피파 한 줄 정리: '3개 사과'를 모델은 *count*하지 않고, '3 sapples 캡션이 붙은 이미지의 통계 패턴'을 reproduce해. 1-2는 안전, 3-5는 risky, 6+는 그냥 'many'.
Mental model: Ask a friend to quickly sketch "five birds on a wire" from memory. Don't let them count — just draw fast. You'll probably get four, six, or a vague cluster. They know what five means, but translating that number into a precise spatial arrangement under time pressure is surprisingly hard. Image models face the same problem, except they never get to count.
Why Numbers Are Fuzzy
When you prompt "three red apples on a wooden table," the model processes "three" as a concept associated with small-group-ness. It's learned that "three apples" images in its training data usually show a small cluster — but it never learned to count to three as a discrete operation. The model is doing pattern completion, not arithmetic.
This means:
- Small numbers (1–2) are fairly reliable. "One cat" almost always gives one cat. "Two people shaking hands" usually works.
- Three to five is the danger zone. You might get the right count, but you might get ±1.

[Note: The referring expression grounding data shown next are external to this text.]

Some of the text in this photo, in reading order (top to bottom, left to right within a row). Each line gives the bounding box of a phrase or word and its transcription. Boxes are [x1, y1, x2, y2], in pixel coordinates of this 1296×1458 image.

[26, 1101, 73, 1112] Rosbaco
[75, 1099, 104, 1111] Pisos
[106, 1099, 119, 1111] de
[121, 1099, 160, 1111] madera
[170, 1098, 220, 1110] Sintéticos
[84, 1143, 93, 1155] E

- Six and above becomes a rough "many" to the model. "Seven candles on a birthday cake" might give you five or nine.
Prompt: "three apples"
What you expect: What you might get:
🍎 🍎 🍎 🍎 🍎
🍎 🍎
(exactly 3) (oops, 4)
Why This Happens Architecturally
The text encoder converts "three" into a vector — a cloud of numbers representing the concept. That vector nudges the denoising process toward arrangements that correlate with "three-ness" in the training data. But the correlation is soft, not hard. The model doesn't have a counting subroutine that says "place exactly N objects." It generates a scene that feels like the right amount.
Think of it this way: if you saw thousands of stock photos tagged "three apples," some would have two with one partially hidden, others might have four with one cropped. The model learned from that noisy distribution, so its idea of "three" is a probability cloud, not the integer 3.
Strategies That Help
- Describe spatial arrangement: Instead of "five cups," try "five cups arranged in a single row from left to right." Spatial cues give the model structural scaffolding.
- Use small numbers: Stick to 1–3 when exact count matters. Anything higher is a gamble.
- Generate and select: Run multiple generations and pick the one with the correct count.
- Composite: Generate one perfect apple, then duplicate it in an image editor.
"Seven balloons floating in the sky"
"Three colorful balloons — red, blue, yellow — floating against a clear sky, evenly spaced"
- Models don't count — they predict arrangements that statistically correlate with number words.
- 1–2 objects: reliable. 3–5: risky. 6+: essentially "many."
- Describe spatial layout rather than just stating a number.
- For exact counts, composite in post-production.